Kitab Mahabharata XII.CCCXII.108
Ke Dwijatian seseorang tidak ditentukan oleh ke-wangsaannya (nayonih), yang menentukan adalah perbuatannya yang luhur dan pekerjaannya yang memberi bimbingan rohani kepada masyarakat.

Jika digali lebih jauh kitab suci agama Hindu yang menjadi pegangan bagi umat, maka akan banyak ditemui penjelasan-penjelasan tentang Catur Warna ini yang intinya sama, bahwa “Warna seseorang disesuaikan dengan Profesinya”.

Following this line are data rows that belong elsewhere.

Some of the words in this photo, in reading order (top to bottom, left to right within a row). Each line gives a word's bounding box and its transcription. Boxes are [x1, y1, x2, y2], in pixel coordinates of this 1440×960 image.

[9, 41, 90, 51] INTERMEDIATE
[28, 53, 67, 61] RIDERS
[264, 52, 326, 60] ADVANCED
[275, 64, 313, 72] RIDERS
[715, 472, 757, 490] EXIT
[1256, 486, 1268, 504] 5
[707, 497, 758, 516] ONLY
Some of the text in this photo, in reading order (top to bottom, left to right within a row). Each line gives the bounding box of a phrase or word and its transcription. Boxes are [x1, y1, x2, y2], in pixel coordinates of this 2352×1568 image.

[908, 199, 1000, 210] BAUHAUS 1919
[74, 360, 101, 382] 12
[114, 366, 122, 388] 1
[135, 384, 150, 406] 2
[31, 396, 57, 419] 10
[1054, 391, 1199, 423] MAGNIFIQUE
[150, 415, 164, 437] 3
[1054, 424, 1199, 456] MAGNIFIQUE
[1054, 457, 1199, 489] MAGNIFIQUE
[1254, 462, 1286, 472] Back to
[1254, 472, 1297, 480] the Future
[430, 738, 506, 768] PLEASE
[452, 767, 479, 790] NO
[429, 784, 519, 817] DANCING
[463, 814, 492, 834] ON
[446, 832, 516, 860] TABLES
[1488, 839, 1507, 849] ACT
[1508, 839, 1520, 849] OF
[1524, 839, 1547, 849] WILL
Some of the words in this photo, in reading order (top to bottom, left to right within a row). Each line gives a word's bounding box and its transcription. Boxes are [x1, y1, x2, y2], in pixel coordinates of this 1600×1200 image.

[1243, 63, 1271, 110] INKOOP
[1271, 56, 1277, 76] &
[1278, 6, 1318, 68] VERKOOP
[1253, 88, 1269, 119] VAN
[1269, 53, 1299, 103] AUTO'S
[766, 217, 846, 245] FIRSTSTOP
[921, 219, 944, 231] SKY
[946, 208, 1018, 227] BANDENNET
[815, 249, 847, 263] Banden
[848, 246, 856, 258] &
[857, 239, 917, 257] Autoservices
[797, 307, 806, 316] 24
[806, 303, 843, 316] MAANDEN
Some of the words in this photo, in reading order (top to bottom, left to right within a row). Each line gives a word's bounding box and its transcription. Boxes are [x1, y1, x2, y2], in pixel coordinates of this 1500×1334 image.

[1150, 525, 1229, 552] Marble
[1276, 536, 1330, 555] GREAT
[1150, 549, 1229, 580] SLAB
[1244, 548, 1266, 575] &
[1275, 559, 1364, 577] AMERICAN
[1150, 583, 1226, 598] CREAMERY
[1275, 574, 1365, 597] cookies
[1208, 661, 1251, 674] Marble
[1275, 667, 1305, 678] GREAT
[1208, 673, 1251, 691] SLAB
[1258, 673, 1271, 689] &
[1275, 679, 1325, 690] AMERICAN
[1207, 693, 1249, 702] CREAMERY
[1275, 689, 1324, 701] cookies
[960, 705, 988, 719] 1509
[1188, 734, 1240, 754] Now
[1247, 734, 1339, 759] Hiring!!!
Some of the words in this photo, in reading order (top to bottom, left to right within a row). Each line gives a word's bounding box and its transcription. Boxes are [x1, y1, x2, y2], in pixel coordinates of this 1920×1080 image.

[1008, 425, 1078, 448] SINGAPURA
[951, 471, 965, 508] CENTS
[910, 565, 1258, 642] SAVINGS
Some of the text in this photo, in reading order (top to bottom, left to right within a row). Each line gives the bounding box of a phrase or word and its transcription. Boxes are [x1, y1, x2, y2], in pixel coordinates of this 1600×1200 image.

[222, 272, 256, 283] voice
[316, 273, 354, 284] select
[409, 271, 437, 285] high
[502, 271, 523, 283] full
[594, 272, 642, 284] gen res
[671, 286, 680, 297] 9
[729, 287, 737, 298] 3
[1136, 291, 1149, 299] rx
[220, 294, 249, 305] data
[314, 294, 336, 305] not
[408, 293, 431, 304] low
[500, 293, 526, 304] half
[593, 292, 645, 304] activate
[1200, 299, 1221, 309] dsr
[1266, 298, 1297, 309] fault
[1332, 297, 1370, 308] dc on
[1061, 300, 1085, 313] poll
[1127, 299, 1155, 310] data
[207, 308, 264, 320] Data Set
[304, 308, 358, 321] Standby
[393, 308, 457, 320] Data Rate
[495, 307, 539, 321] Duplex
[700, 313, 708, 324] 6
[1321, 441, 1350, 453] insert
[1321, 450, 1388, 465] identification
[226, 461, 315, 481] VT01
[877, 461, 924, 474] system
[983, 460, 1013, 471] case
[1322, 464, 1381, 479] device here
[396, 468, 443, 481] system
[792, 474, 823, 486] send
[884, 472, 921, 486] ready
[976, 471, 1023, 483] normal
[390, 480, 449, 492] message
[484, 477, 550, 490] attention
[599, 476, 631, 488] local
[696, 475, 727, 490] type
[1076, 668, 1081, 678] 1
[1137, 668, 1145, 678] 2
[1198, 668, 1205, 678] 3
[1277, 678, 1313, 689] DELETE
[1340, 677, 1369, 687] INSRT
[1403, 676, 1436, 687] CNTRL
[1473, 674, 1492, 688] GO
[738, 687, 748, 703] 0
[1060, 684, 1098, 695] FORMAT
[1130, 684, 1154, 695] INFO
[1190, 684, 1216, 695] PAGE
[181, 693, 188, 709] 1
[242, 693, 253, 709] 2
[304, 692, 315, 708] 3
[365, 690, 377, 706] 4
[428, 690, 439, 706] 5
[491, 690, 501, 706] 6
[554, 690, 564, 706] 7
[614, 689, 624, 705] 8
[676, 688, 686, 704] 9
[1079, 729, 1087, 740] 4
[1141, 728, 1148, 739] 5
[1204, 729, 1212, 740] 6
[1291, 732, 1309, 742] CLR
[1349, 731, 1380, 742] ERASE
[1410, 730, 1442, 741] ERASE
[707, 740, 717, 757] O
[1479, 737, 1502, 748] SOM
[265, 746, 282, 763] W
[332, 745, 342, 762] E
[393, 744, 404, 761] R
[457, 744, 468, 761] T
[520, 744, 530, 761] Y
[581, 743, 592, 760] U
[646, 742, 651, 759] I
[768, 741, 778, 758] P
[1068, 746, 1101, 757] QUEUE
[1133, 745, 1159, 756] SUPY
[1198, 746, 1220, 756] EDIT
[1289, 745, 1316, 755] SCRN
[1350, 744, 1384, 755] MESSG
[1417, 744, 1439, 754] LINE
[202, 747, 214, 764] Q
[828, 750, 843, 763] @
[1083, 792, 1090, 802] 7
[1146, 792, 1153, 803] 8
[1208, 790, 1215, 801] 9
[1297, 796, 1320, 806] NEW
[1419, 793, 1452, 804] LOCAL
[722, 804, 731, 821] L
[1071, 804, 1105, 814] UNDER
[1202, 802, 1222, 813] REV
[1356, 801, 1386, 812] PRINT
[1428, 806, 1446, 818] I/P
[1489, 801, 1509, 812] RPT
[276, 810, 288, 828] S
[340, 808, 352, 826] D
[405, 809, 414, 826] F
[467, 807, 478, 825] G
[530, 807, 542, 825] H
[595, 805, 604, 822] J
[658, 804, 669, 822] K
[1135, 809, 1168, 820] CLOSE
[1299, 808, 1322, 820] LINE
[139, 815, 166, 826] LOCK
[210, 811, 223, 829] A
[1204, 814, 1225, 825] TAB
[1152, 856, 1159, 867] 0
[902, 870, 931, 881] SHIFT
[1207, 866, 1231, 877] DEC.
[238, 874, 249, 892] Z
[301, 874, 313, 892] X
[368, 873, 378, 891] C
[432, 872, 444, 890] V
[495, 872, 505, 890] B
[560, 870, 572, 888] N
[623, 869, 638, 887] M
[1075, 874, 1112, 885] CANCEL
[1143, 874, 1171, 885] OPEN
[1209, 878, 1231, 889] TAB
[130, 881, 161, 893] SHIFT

Selanjutnya bagaimana Aplikasi ajaran Catur Warna ini di Bali yang merupakan basis bagi perkembangan agama Hindu di Nusantara, apakah sudah dijalankan sesuai dengan yang digariskan dalam kitab suci? Untuk mengetahui hal itu mari kita mundur dahulu ke-beberapa ratus tahun yang lalu pada saat masa leuhur-leluhur orang Bali hidup dan berinteraksi dalam kehidupan masyarakat.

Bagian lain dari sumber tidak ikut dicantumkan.